Sun, Feb 17, 2002 - Page 9 News List

Martial arts fight for survival

Thanks largely to the efforts of Wang Shu-chin, the martial art of forms of 'pa kua' and 'hsing yi' are still alive today

By Brian Kennedy  /  CONTRIBUTING REPORTER

The master and his student sat privately in the master's study. The master spoke, saying, "my student, you must flee to the outlying island. The new regime is certain of victory and with their victory will come a time where our religion and our martial art will be suppressed. To ensure the survival of the martial arts I have passed on to you, I want you to leave this land and journey to the island. There, hopefully, the art I have transmitted to you will be preserved from the coming darkness."

Sounds like a kung fu novel or maybe a plot to a Star Wars movie? It was an actual event. The martial arts master was Zhang Zhao-dong (張兆東). His student was Wang Shu-chin (王樹金) and the island he referred to was Taiwan. It was 1949.

At the end of the Chinese Civil War, Taiwan became an important repository and conservatory of many aspects of Chinese culture such as painting, calligraphy, opera and traditional martial arts. In particular, Taiwan provided a refuge for practitioners of the three internal martial arts of tai chi chuan (太極拳), hsing yi chuan (形意拳) and pa kua chang (八卦掌).

Wang Shu-chin (1905-1981) was one of many martial arts masters who sought refuge in Taiwan following the Chinese Civil War. Over the years, the three internal martial arts that he brought with him have taken firm root in Taiwan and even expanded further to the US, Australia and beyond.

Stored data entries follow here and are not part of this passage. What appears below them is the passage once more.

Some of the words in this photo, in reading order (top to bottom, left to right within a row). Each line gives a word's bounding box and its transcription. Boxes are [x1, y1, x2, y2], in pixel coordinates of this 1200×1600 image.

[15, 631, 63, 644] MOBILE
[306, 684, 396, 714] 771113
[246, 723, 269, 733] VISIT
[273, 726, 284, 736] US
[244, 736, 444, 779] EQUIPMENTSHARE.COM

The internal martial arts that Wang Shu-chin practiced, tai chi, hsing yi and pa kua have a number of characteristics that link them together. They are each based in Taoist philosophy and emphasize the development and use of chi (氣), which is the term used in traditional Chinese medicine for the life force. The three internal martial arts seek to enhance the practitioner's overall mental, physical and spiritual state. These three martial arts can perhaps best be described as forms of moving meditation that, by their practice, give rise to martial ability.

Chi is central to the internal martial arts. It has been defined many ways and is an important part of many traditional Chinese arts. It is also an intrinsic part of traditional Chinese medicine. Scholars generally define it as the force or energy that animates all living things -- a kind of "elan vital." Chi has been likened to a flow of fluid or of electricity through the practitioner's body. Control and use of this energy is the goal of each of the three arts Wang brought to Taiwan.

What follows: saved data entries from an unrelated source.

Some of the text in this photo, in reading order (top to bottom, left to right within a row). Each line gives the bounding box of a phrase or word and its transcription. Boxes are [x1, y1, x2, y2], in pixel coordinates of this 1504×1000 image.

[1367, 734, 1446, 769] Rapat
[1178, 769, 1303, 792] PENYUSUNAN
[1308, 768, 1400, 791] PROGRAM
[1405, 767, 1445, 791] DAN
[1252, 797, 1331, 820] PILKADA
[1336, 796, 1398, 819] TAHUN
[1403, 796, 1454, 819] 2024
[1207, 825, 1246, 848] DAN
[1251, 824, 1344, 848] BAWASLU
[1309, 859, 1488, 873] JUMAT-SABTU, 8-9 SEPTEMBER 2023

These arts are referred to as "internal" because their training methods place an emphasis on the practitioner "looking inside" themselves and studying how their mind interacts with physical movements through breath and chi. Along with this is an emphasis on how their mind, breath and chi work together to create a very healthy, integrated individual.

But the arts are also extremely effective in combat, as revealed in many stories involving Wang Shu-chin. The source for most of the historical information about Wang is his student, Wang Fu-lai (王福來) who heads the Cheng Ming Chinese Martial Arts Association (中華武術誠明會) in Taichung.

According to him, Wang Shu-chin was born in 1904 as the sixth son in a family of farmers living in a village about 32km from Tianjin City in northern China. His older brothers were content to farm, but Wang wanted to be part of a bigger world. So, with his parent's permission, he left home when he was 14 years old and traveled to Tianjin seeking fame and fortune. There he found work as an apprentice in an international trading company.